ロックやロック畑出身の音楽家の創るアルバムで1980年代にリリースされたものにはいいものが少なかったように思う。80年代だけでなく、その後現在までずっとそうなのかもしれないなあ。これが巷で言ういわゆる「ロックは死んだ」ということなのかどうかは分らない。

 

 

そんな簡単に死んだり終ったりしないだろうとは思うんだけど、1980年代以後のロック(系音楽)には面白いものが少ないという実感が僕にはある。90年代以後21世紀に入ってから、いわゆるクラシック・ロックのスタイルでやる若い音楽家、例えばデレク・トラックスなども人気はあるけれど。

 

 

まあしかしデレク・トラックスその他ああいった若いロッカーが1960〜70年代のスタイルでやるのを好んで買い応援しているのは、やはりその時代をリアルタイムで体験して思い入れがあるか、そうでなくともそういう音楽をこそ愛するファンたちだけなんじゃないかという風に僕には見えている。

 

 

ともかくそんな「ロックがダメになった」のかどうかは全然分らないが、ロック系の音楽で1980年代にリリースされた最高傑作はひょっとしたらブライアン・イーノ&デイヴッド・バーンの共作『マイ・ライフ・イン・ザ・ブッシュ・オヴ・ゴースツ』じゃないだろうか?

 

 

1980年代ロックの一位は普通トーキング・ヘッズの『リメイン・イン・ライト』になるんだろう。
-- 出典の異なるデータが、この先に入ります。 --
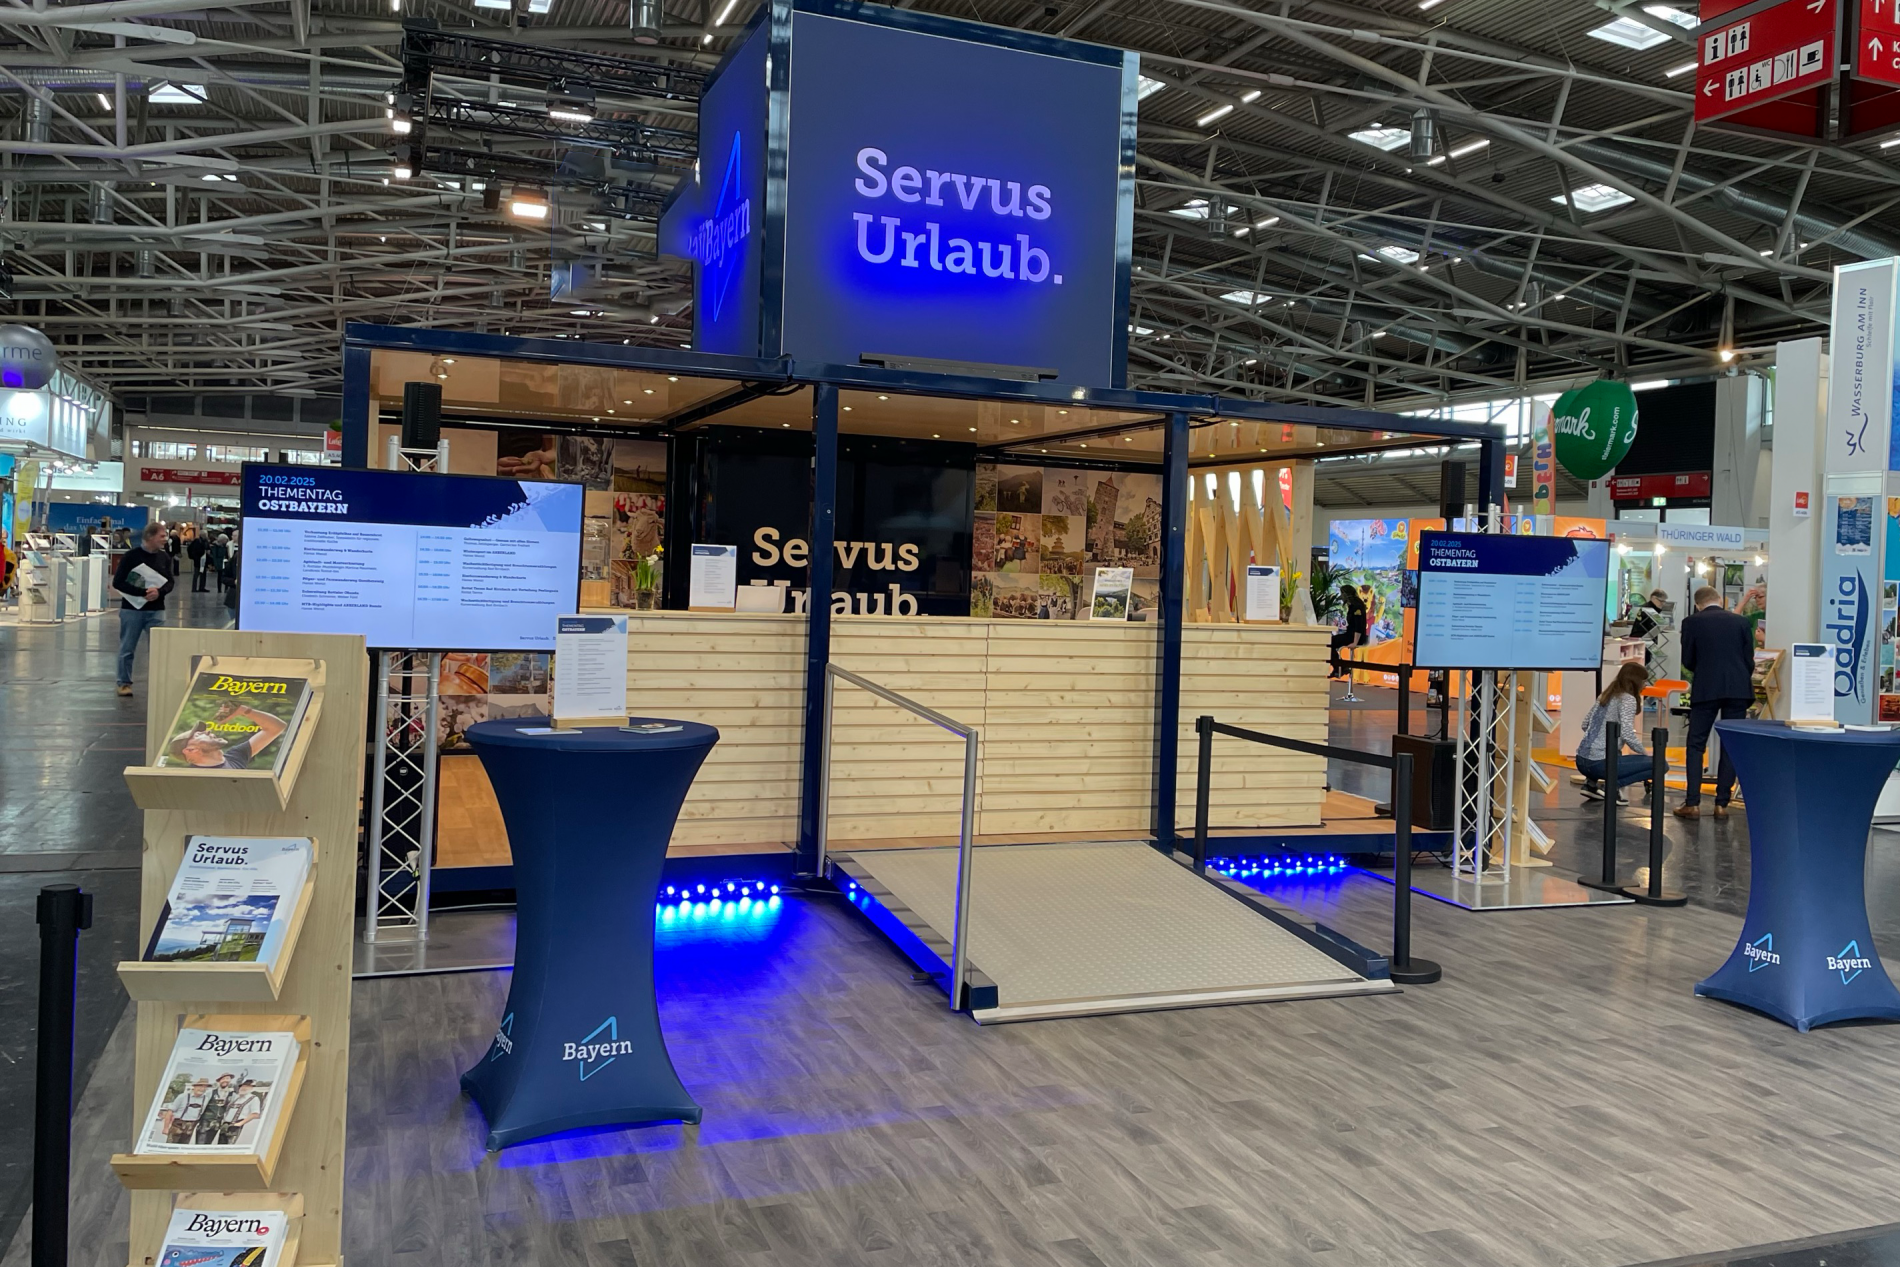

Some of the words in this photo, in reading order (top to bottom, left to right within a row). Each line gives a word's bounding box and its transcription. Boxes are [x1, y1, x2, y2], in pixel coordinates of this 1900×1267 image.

実際ある時の『レコード・コレクターズ』誌が、正確なタイトルは忘れちゃったけれど<80年代ベスト100アルバム>みたいな特集をやった時も『リメイン・イン・ライト』が一位だったような記憶がある。

 

 

僕にとっての1980年代ベスト・アルバムは、キング・サニー・アデの『シンクロ・システム』(1983)かサリフ・ケイタの『ソロ』(1987)になる。この時代にワールド・ミュージックにハマった思い入れを抜きにしてもそうなるんだなあ。でもこれはジャンルを限定しないで選んだ場合の話だ。

 

 

アメリカ人音楽家に話を限れば1980年代最高の存在だったのはプリンスに間違いないんだけど、僕のなかではロックの人じゃなくて 、ファンクの人だからなあ。デビュー当時から死ぬまで一貫してポップ〜ロック風な部分も強い人ではあったけれどね。

 

 

だからロックかそれに類する音楽から選ぶとした場合の1980年代ベスト・アルバムは、僕の場合(他の方も?)トーキング・ヘッズの『リメイン・イン・ライト』か、あるいはブライアン・イーノ&デイヴッド・バーンの『マイ・ライフ・イン・ザ・ブッシュ・オヴ・ゴースツ』ということになる。

 

 

それら二枚のアルバムはみなさんご存知の通り姉妹作。いわば一枚のコインの表と裏のようなもので、実質的には同じ音楽家が同じような音楽を創ったというようなものだ。トーキング・ヘッズはギター&ヴォーカルのデイヴッド・バーンをフロントマンとする四人組バンドで1974年活動開始。

 

 

しかしトーキング・ヘッズがいろんな意味で大成功したのは、ブライアン・イーノがプロデュースをやった1978〜80年のことだよなあ。その間二枚のスタジオ・アルバムを残している。もう一つライヴ盤があるけれど、それはイーノのプロデュースではなく、しかもちょっとややこしい事情のあるものだ。

 

 

だからその二枚組ライヴ盤『ザ・ネーム・オヴ・ザ・バンド・イズ・トーキング・ヘッズ』は除外して、イーノ・プロデュースのスタジオ作二枚『フィア・オブ・ミュージック』『リメイン・イン・ライト』こそがこのバンドのピークだったと見てまず間違いないだろう。どっちもアフロ・ロックみたいな感じだ。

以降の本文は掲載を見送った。